The Castle of Fontalva (Castelo de Fontalva) is a medieval castle located in the Elvas municipality, Portalegre District of Portugal.

== History ==

=== Background ===
Although there is little information available about this fortification, it is believed that was built on the remains of an ancient fortress. The Romans have occupied the area, as well as the Muslims.

=== Late medieval castle ===
The current structure remains date back to the end of the 15th century or even the beginning of the 16th century, under the reign of King John III (1521–1557)

=== Nineteenth century to present day ===
In private hands, at some point of 19th century or the first half of the 20th century, the people had demolished several buildings that only the walls, outside the north side, east and north-east; and internally, by the South still stand.

It is classified by the IGESPAR arm of the Portuguese government as Property of Public Interest by decree published on September 29, 1977.

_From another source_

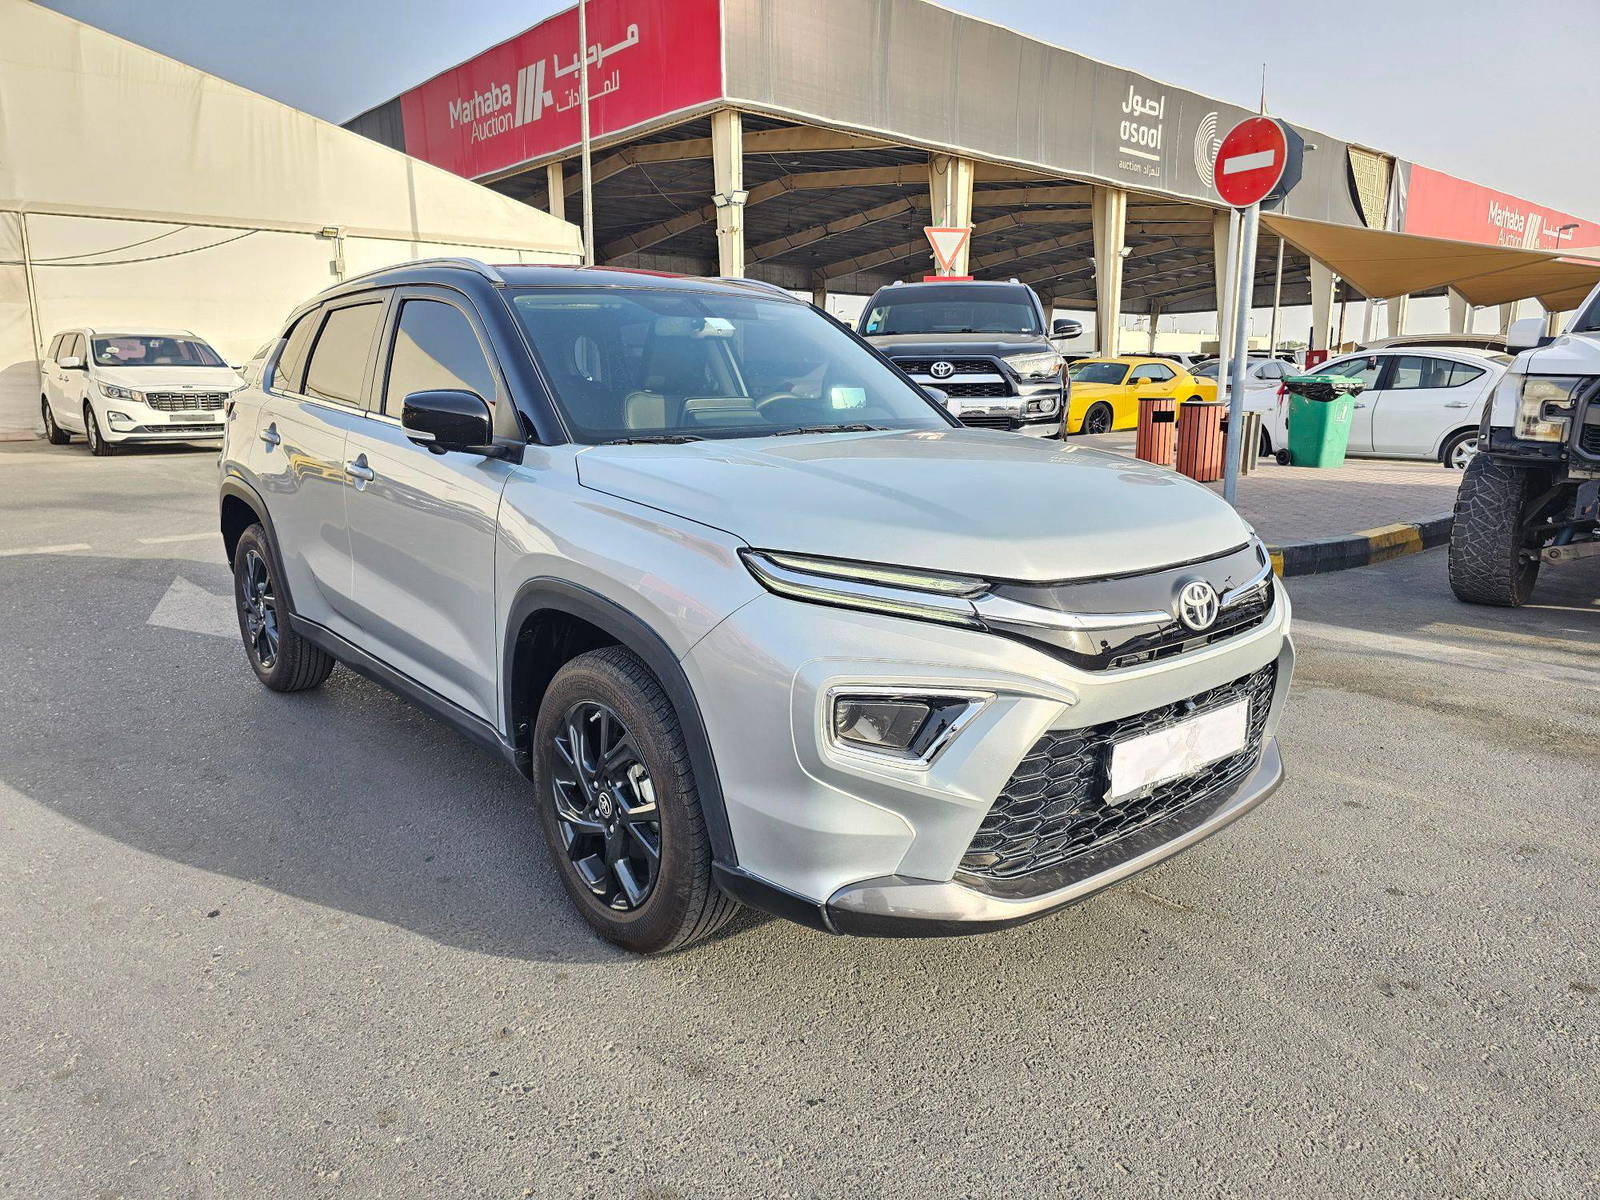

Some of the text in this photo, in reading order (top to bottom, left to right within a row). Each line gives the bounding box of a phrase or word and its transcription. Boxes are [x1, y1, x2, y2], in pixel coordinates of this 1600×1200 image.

In the second half of the twentieth century, aiming to adapt the rural property for purposes tourist, a dining room was built on the top floor of the west side. Recently, this work has continued in absentia of the government, with the pavement rehabilitation, recovery of masonry and plaster, whitewash, roofing installation, doors and windows, running water, electricity and central heating.

== Architecture ==
Erected in a dominant position on top of a hill, at an altitude of 337 meters above the sea level of plant irregular pentagonal, flanked by five cubelos in vertices, two flanking the gateway in arc semicircular, ripping the wall East. This door is surmounted by stone Silva family arms surmounted by a cruciform loophole and this, in turn, by a cross in a niche. The 'Gate of Betrayal' 'ripping the Southwest. Both the wall, covered by an adarve, as the turrets are castellated.